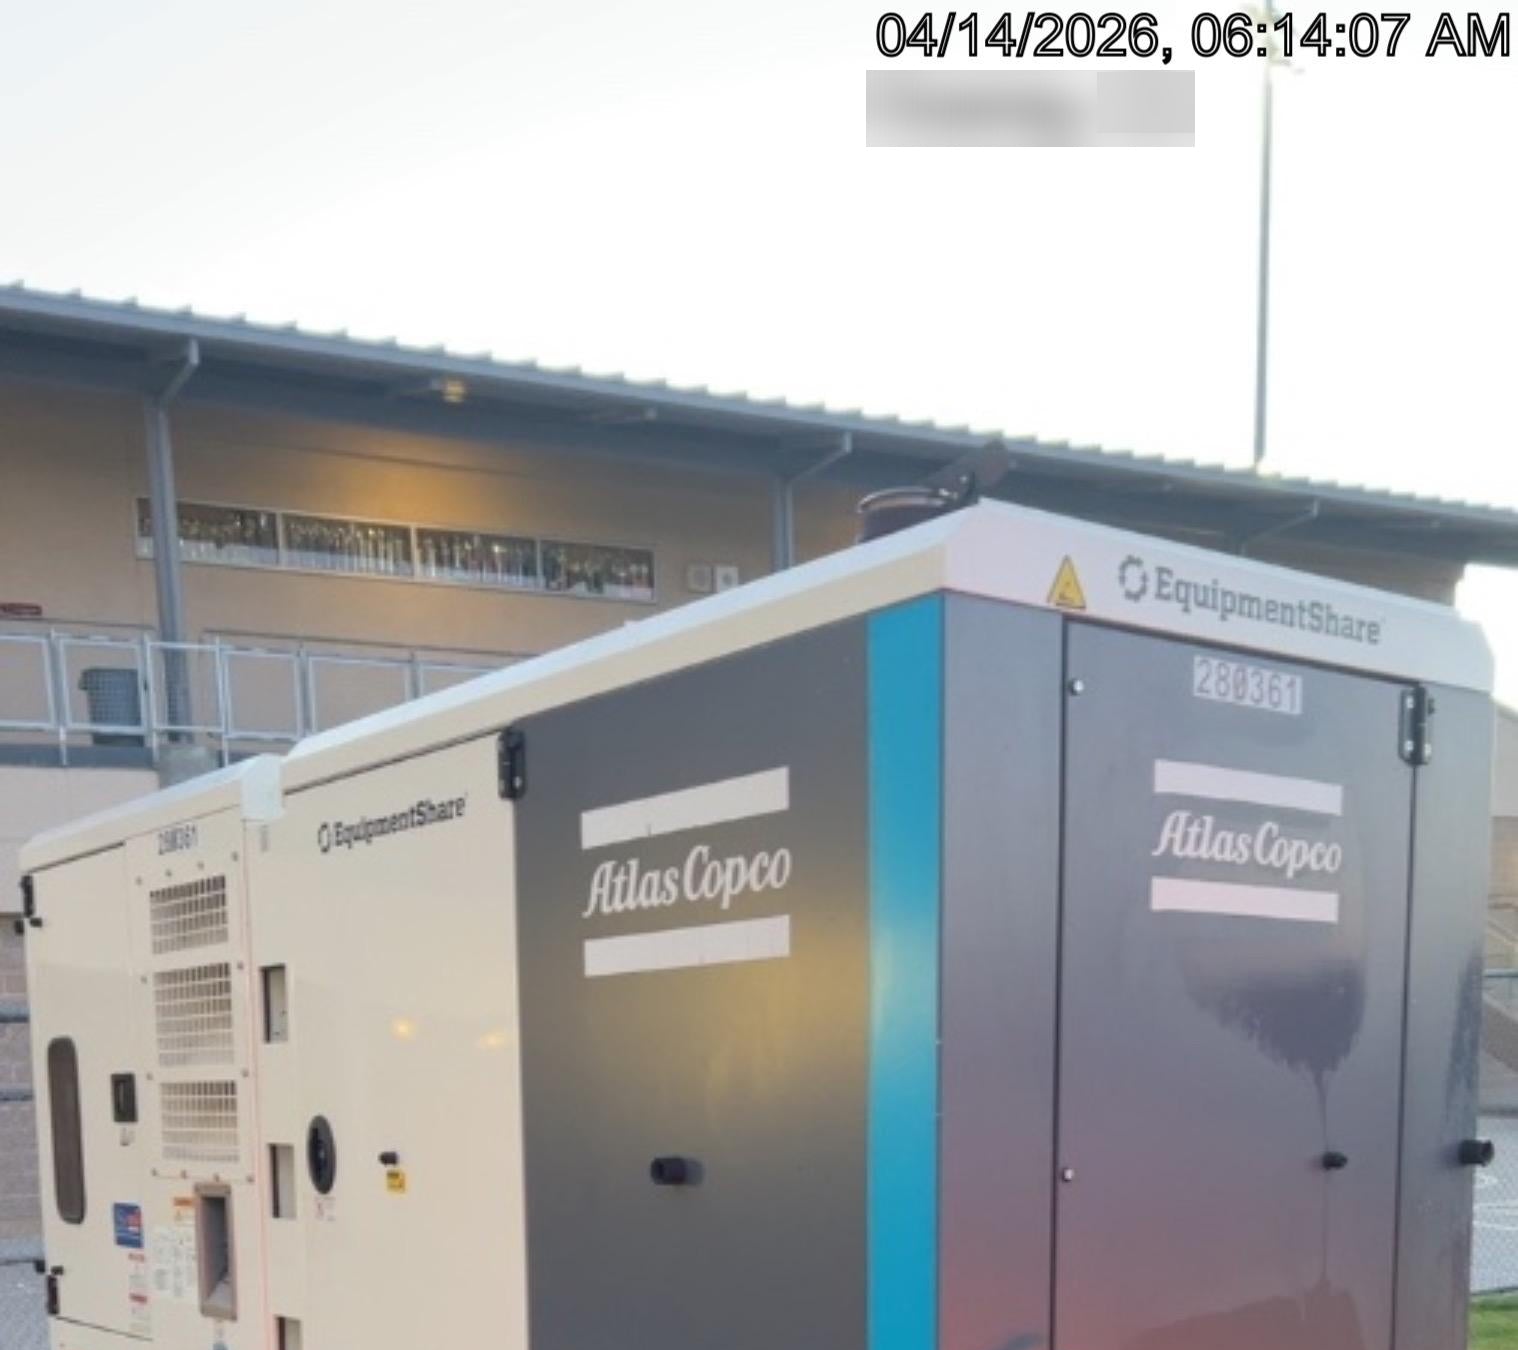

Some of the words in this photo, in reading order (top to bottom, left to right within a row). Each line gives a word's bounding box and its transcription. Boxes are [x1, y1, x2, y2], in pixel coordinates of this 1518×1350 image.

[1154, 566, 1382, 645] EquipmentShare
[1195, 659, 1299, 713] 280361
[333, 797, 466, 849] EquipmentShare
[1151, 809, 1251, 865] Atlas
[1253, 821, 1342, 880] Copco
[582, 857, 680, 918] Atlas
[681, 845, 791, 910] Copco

________

> Description of the task:
Could you repeat the data exactly, omitting its pictures?

> Task result:
Some of the words in this photo, in reading order (top to bottom, left to right within a row). Each line gives a word's bounding box and its transcription. Boxes are [x1, y1, x2, y2], in pixel coordinates of this 1518×1350 image.

[1154, 566, 1382, 645] EquipmentShare
[1195, 659, 1299, 713] 280361
[333, 797, 466, 849] EquipmentShare
[1151, 809, 1251, 865] Atlas
[1253, 821, 1342, 880] Copco
[582, 857, 680, 918] Atlas
[681, 845, 791, 910] Copco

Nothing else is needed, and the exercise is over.